For the build-classifier (your path), bare `arm` defaults to `armhf` as a last
resort via the tiered map. Your default of `armv6` is different from both `armv7`
(Sass releases.js) and `armhf` (triplet.js tiered). Consider matching the tiered
map behavior (`armhf`) or handling it per-package.
**ffmpeg Windows `.gz`:** Production `ffmpeg/releases.js` hardcodes `rel.ext = 'exe'`
for Windows assets (line 26). The `.gz` file contains a gzipped bare executable.
There's no generic reclassification — it's per-package override logic in releases.js.
Your Go rewrite would need equivalent logic in `ffmpeg/releases.conf` or the classifier.
**terraform `alpha` channel:** If Go correctly detects `alpha` and prod misses it,
that's a production bug (or normalize.js limitation). The channel regex in normalize.js
is `([+.\-_])(beta|rc|alpha|dev)(\d+)` — it should match alpha. Worth checking the
exact terraform filename to see why prod misses it.
**postgres `tar` vs `tar.gz`:** If production says `tar` for legacy EDB assets,
that's likely a normalize.js quirk. The build-classifier uses `filenameToPackageType()`
which strips compression layers (`.gz` → nothing), leaving `.tar`. Both `.tar` and
`.tar.gz` would match format preference for `tar`, so functionally equivalent.

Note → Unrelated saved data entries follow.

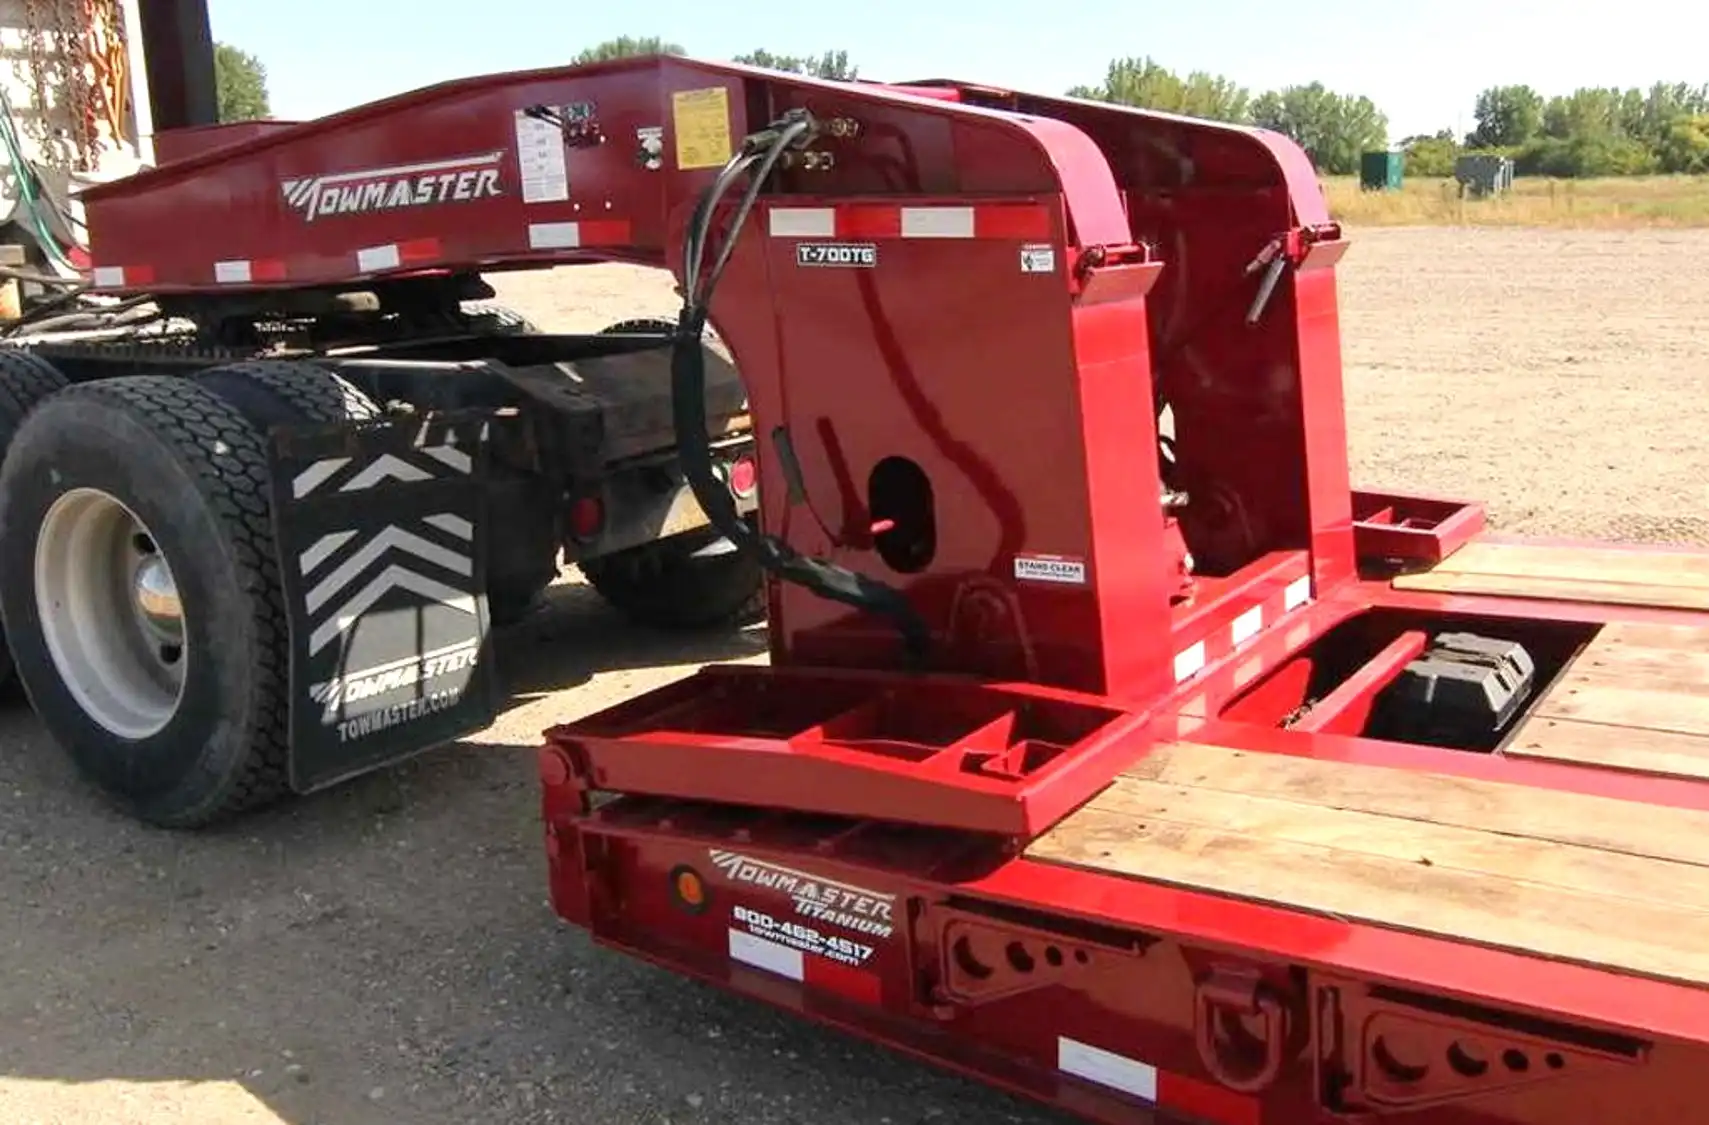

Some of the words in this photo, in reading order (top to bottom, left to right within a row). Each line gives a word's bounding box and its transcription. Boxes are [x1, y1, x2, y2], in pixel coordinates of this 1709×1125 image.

[281, 151, 503, 221] TOWMASTER
[1018, 560, 1049, 571] STAND
[1050, 563, 1081, 573] CLEAR
[337, 687, 460, 743] TOWMASTER.COM
[709, 849, 897, 921] TOWMASTER
[733, 904, 875, 960] 800-462-4517
[791, 895, 894, 938] TITANIUM
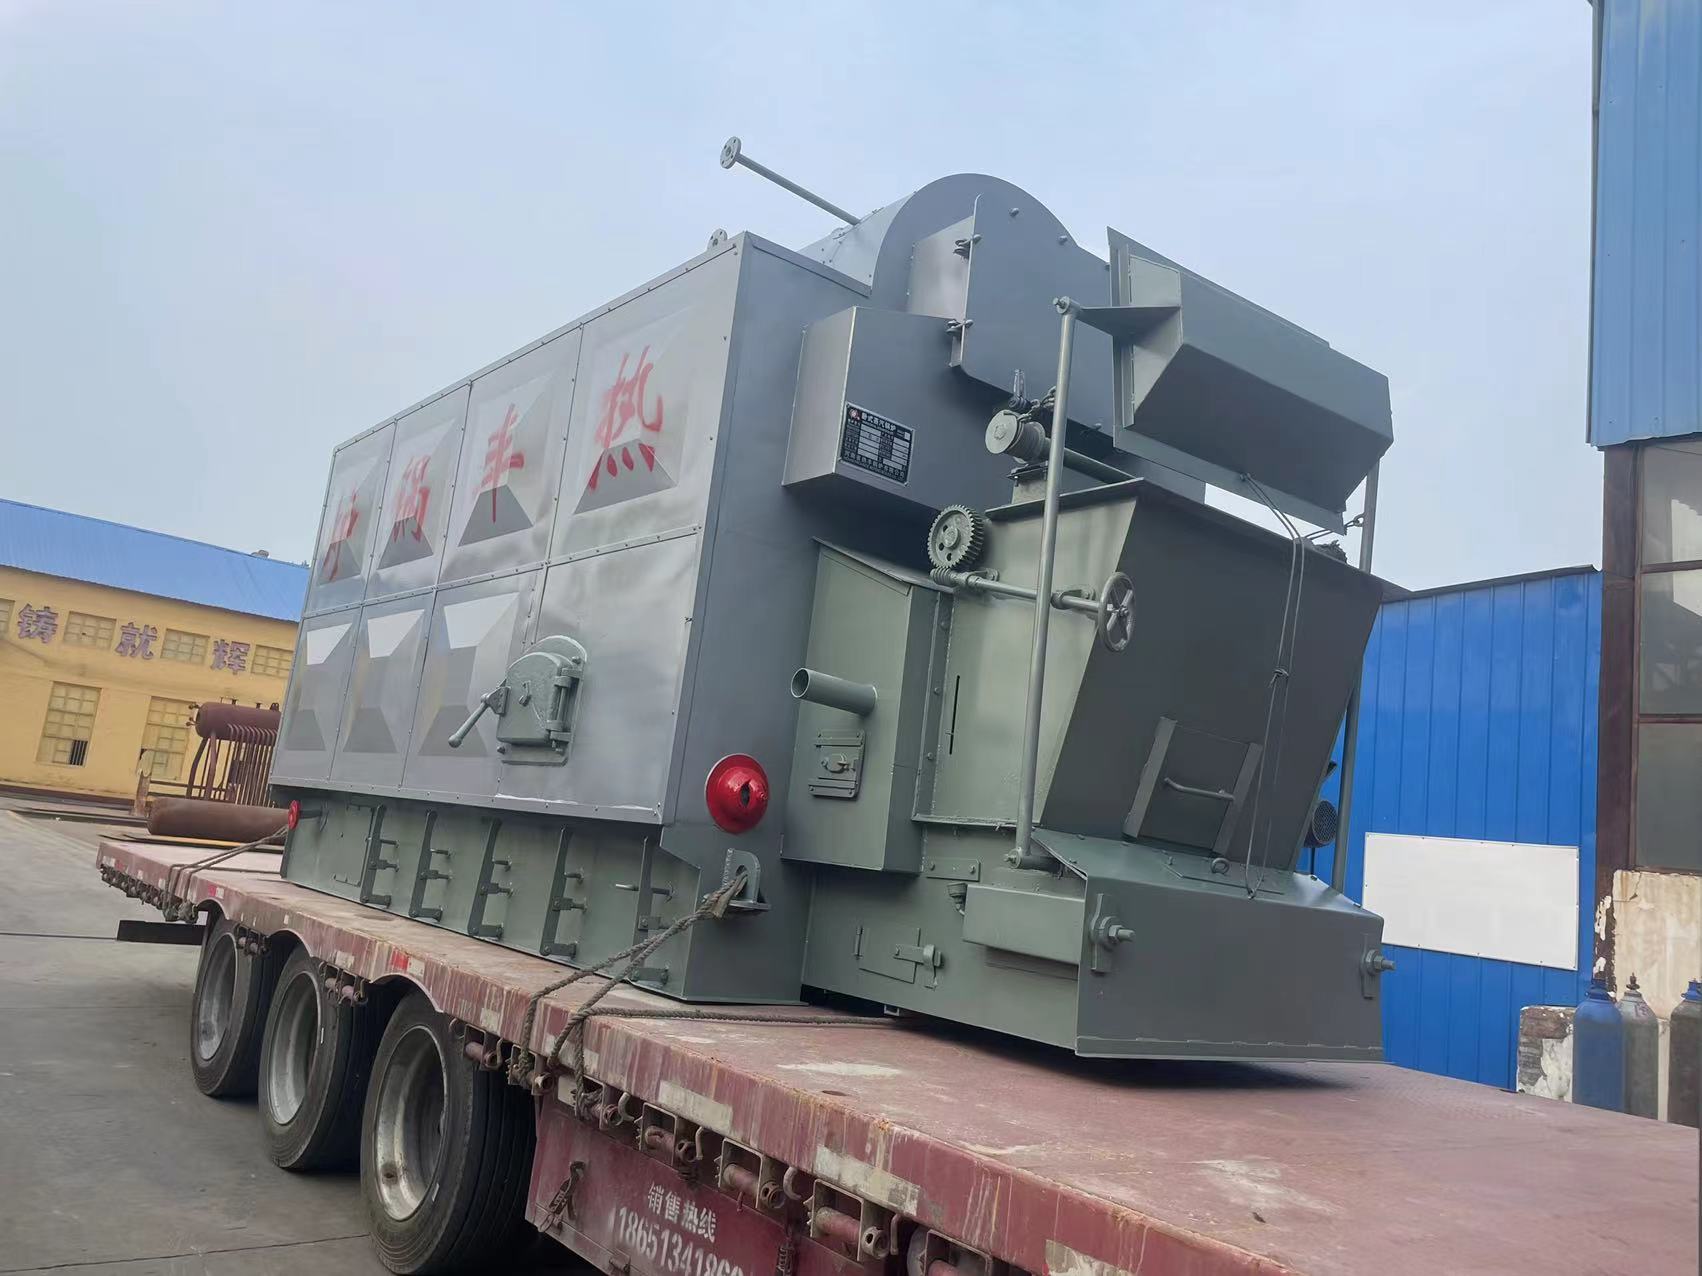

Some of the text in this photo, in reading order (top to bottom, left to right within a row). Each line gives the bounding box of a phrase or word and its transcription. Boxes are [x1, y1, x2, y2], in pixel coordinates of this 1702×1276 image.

[16, 603, 251, 676] 铸就辉
[618, 1206, 744, 1276] 186513418
[647, 1181, 717, 1243] 销售热线

## Latest Findings (2026-03-11)
### macOS amd64 default is acceptable
normalize.js defaults macOS packages without arch to `amd64` (line 118-120).

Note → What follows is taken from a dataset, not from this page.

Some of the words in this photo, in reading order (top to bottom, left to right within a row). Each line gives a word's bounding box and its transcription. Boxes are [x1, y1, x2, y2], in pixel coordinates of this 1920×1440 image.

Project owner confirmed: amd64 is arm64's natural fallback via Rosetta 2, so this
works in practice. Per-package `releases.js` should handle cases where arch is known.
### Client format probe has no zst
`webi.sh` builds `formats=` by probing for installed tools:
`tar,exe,zip,xz,git,dmg,pkg`. It never checks for `unzstd`.

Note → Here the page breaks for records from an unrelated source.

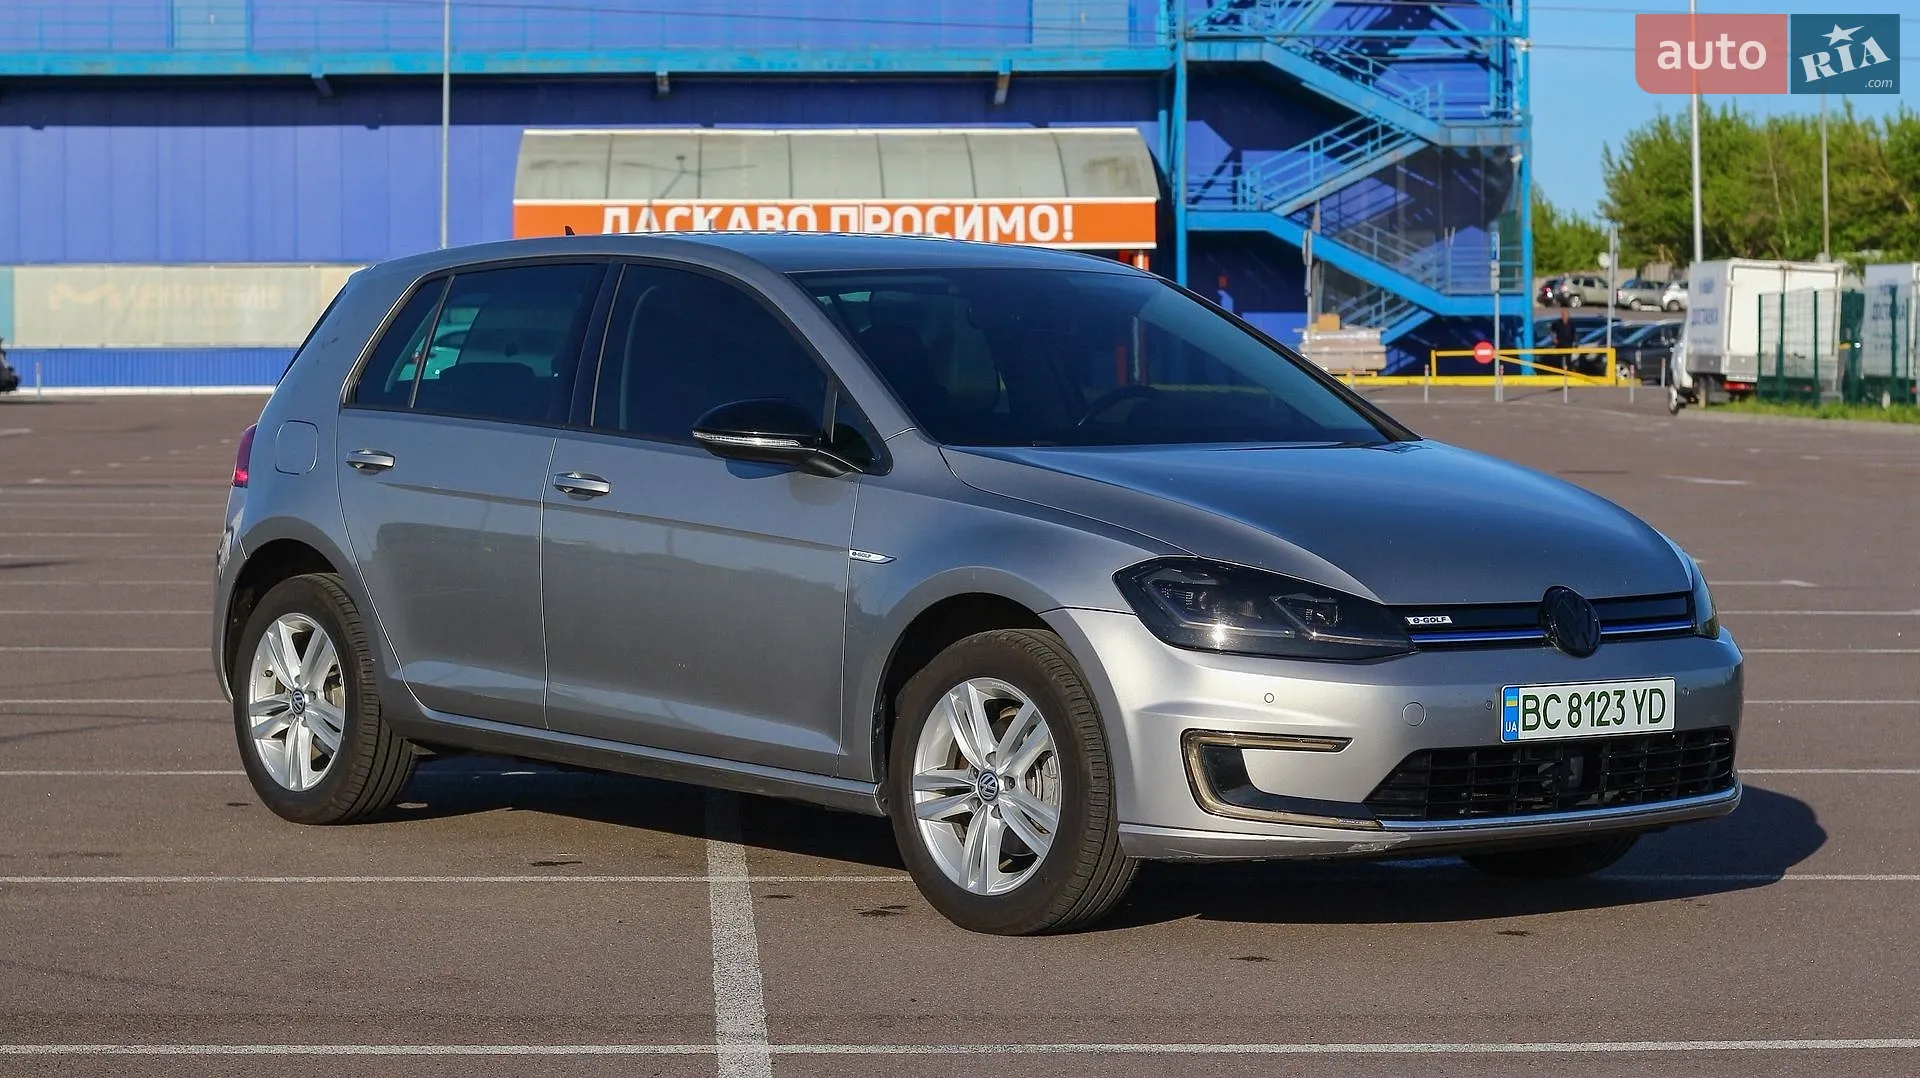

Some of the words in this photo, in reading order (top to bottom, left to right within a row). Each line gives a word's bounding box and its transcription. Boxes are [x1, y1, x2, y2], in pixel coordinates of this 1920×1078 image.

[602, 206, 817, 234] ЛАСКАВО
[829, 204, 1074, 242] ПРОСИМО!
[1505, 721, 1518, 733] UA
[1522, 693, 1562, 732] BC
[1567, 689, 1626, 729] 8123
[1632, 687, 1667, 725] YD

Server-side zst priority is forward-looking only — takes effect once webi.sh adds
zst detection. Your Go server should still prioritize zst in format sorting, but
current clients won't request it.
### atomicparsley — hardcoded target map
`atomicparsley/releases.js` uses hardcoded filename→target mappings, no
normalize.js detection:
- `Alpine``{ os: 'linux', arch: 'amd64', libc: 'musl' }` (hard musl)
- `Windows.``{ os: 'windows', arch: 'amd64', libc: 'msvc' }`
- `WindowsX86.``{ os: 'windows', arch: 'x86', libc: 'msvc' }`
- `Linux.``{ os: 'linux', arch: 'amd64', libc: 'gnu' }`
- `MacOS``{ os: 'macos', arch: 'amd64' }`
For your Go rewrite: `atomicparsley` needs a `releases.conf` with asset pattern
overrides, not generic filename detection.
### Two different UA parsers
The two resolution paths use different UA parsers with different naming:
- `/api/releases/``ua-detect.js`: returns `macos`, `arm64`, `amd64`
- `/api/installers/``host-targets.js` `termsToTarget()`: returns `darwin`, `aarch64`, `x86_64`
Both parse the same UA string. Results map to the same platforms but use the naming
conventions of their respective resolution layers.
### lexver version sorting
`lexver.js` pads versions to 4-level zero-padded form: `v1.2.3``0001.0002.0003.0000@`.
Stable suffix `@` sorts after pre-release `-` (ASCII ordering). Channel names recognized:
`alpha`, `beta`, `dev`, `pre`, `preview`, `rc`, `hotfix`. `hotfix` sorts as post-stable.
## Disk Cache Format (for pgstore reference)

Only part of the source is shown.